About this task: Quote each line of the material verbatim, without the pictures.

Excerpted data:

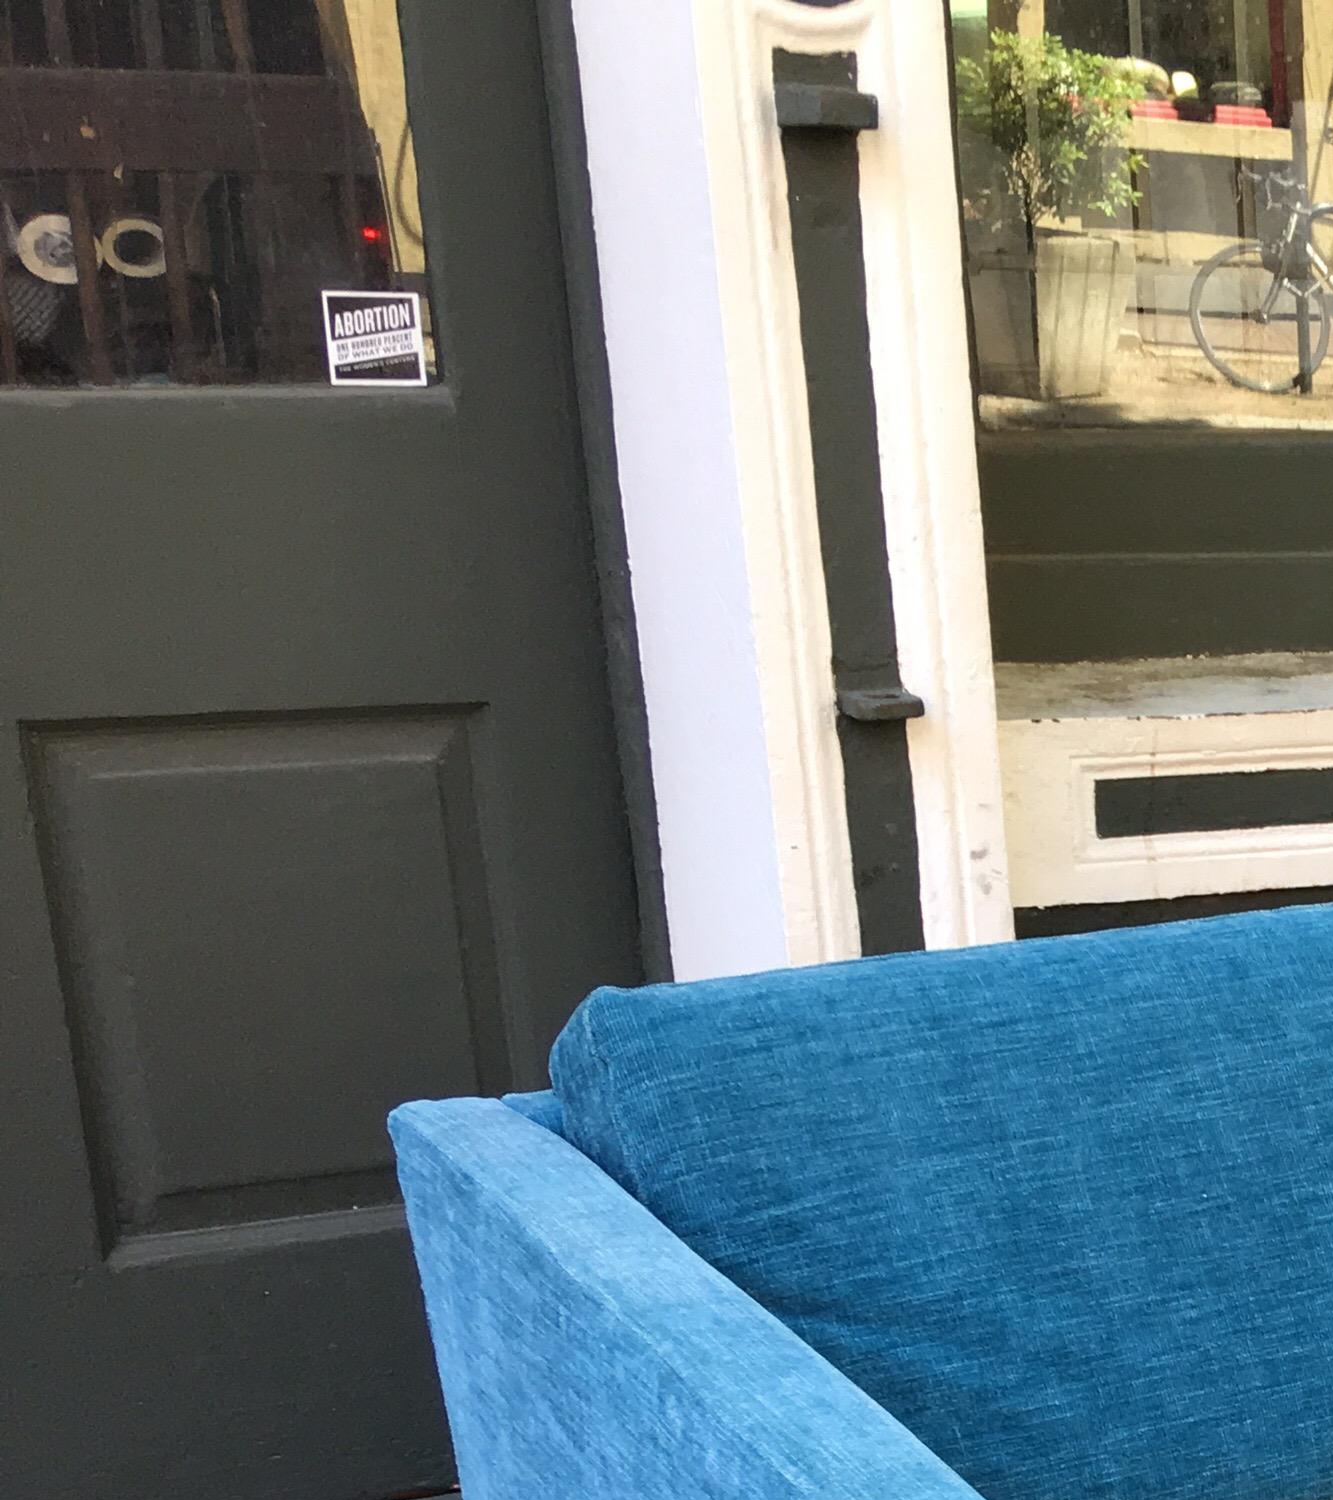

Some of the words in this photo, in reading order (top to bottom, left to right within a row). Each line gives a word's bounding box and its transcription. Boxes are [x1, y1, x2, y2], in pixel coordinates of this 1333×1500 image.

[334, 303, 411, 338] ABORTION
[337, 342, 349, 353] ONE
[351, 337, 382, 351] HUNDRED
[383, 332, 412, 346] PERCENT
[338, 352, 349, 360] OF
[352, 347, 381, 358] WHAT
[383, 345, 398, 354] WE
[400, 343, 413, 351] DO

Response for this exercise:
Some of the words in this photo, in reading order (top to bottom, left to right within a row). Each line gives a word's bounding box and its transcription. Boxes are [x1, y1, x2, y2], in pixel coordinates of this 1333×1500 image.

[334, 303, 411, 338] ABORTION
[337, 342, 349, 353] ONE
[351, 337, 382, 351] HUNDRED
[383, 332, 412, 346] PERCENT
[338, 352, 349, 360] OF
[352, 347, 381, 358] WHAT
[383, 345, 398, 354] WE
[400, 343, 413, 351] DO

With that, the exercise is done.